Thursday, May 21, 2015

VERTICAL, HORIZONTAL INTEGRATION an illustration: Warp, Working Title, Marvel, Avatar

Some of NBC-Universal's film subsidiaries

Working Title is part of a vertically integrated conglomerate, NBC-Universal, itself part of a much larger parent company, Comcast. NBC-U turns over an incredible $25bn a year and combines production through such subsidiaries as Working Title, distribution through Focus Features, StudioCanal and Universal International Pictures, as well as exhibition arms ranging from the US TV network NBC to the subscription streaming site Hulu. Horizontal integration and the synergies from this are part of their strategy, with the films fuelling interest in the Universal theme parks for example. Working Title have been part of horizontal integration strategies ever since they expanded into the American market and sold off 67% of their shares to PolyGram (later bought by NBC-U). One of their earliest global hits, 1994’s £3m Four Weddings and a Funeral which grossed an incredible global £150m, had an OST (soundtrack) on Island Records … a subsidiary of PolyGram!

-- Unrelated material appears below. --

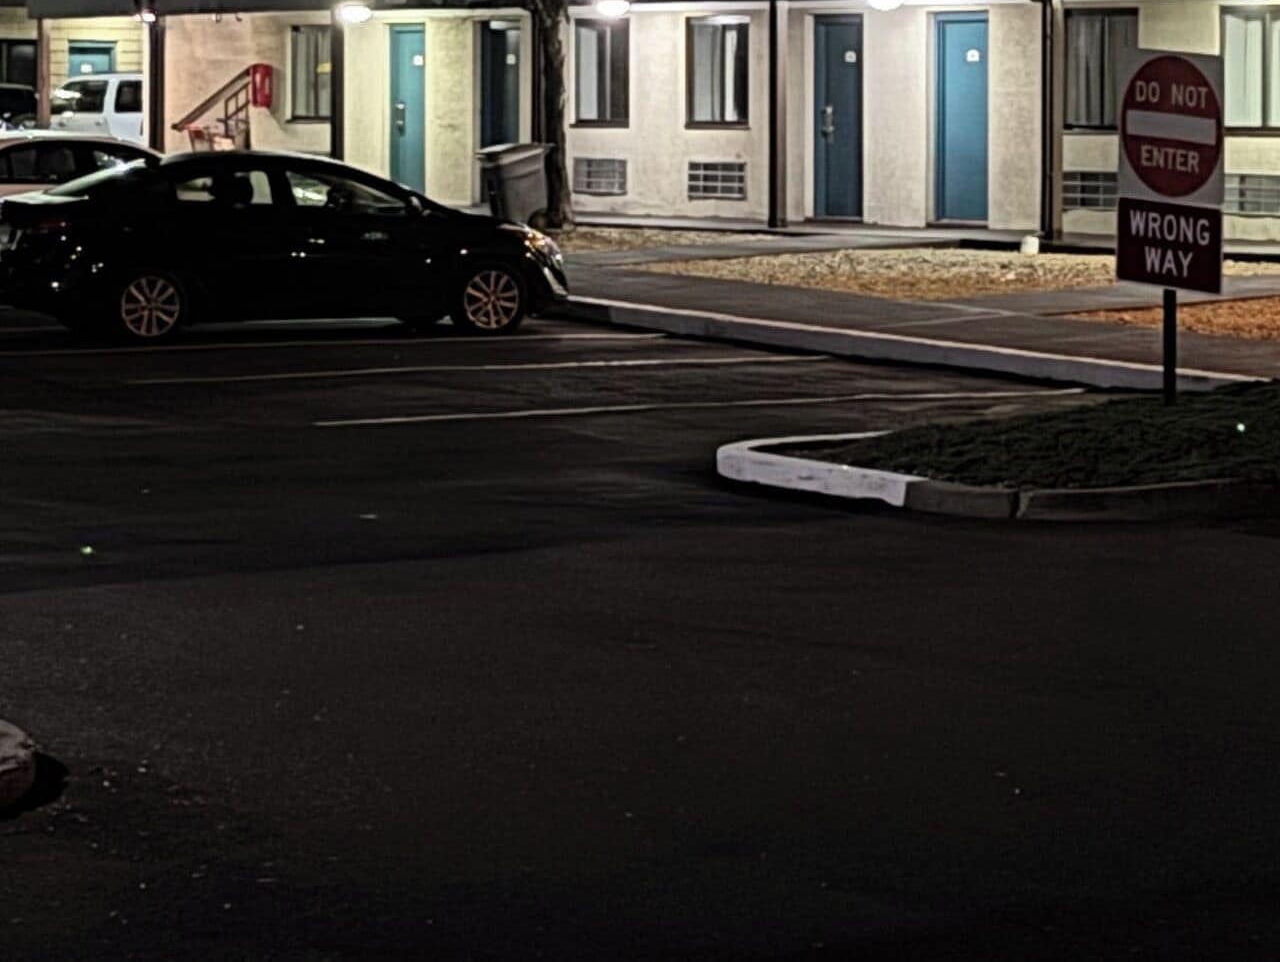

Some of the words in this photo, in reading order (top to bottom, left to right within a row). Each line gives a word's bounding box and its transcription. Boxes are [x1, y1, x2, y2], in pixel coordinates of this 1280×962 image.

The dominance of a handful of global film conglomerates has led to the use of the ‘big six’ to denote their scale; all six (seven if you count Lionsgate) are vertically integrated. Horizontal integration is increasingly common too. The Sun newspaper notoriously ran 18 stories mentioning Avatar in just one day, joining a range of Sky One programmes and, later, blitz advertising of Sky’s new Sky Movies 3D channel, which would premiere Avatar; all the companies involved were mutually benefitting subsidiaries of Rupert Murdoch’s News corporation. The interplay between the various Marvel superhero film franchises and the TV offshoots (Marvel’s Agents of SHIELD, Daredevil, Agent carter etc.) helps boost parent company Disney’s TV operations, principally the ABC network on which they’re aired, with TV and film synergistically promoting each other.

It isn’t just the big boys who utilise horizontal integration though. Warp Films is an offshoot of Warp Records and their music video production, and their website and monthly promotional email promote both side by side. The Warp Records act Arctic Monkeys have featured in Warp X’s Le Donk and Scor-Zay-Zee, been the subject of the feature film Arctic Monkeys Live at the Apollo, directed by Richard Ayaode, who would then use the Arctics’ singer to provide the soundtrack for his fictional feature film debut, Submarine!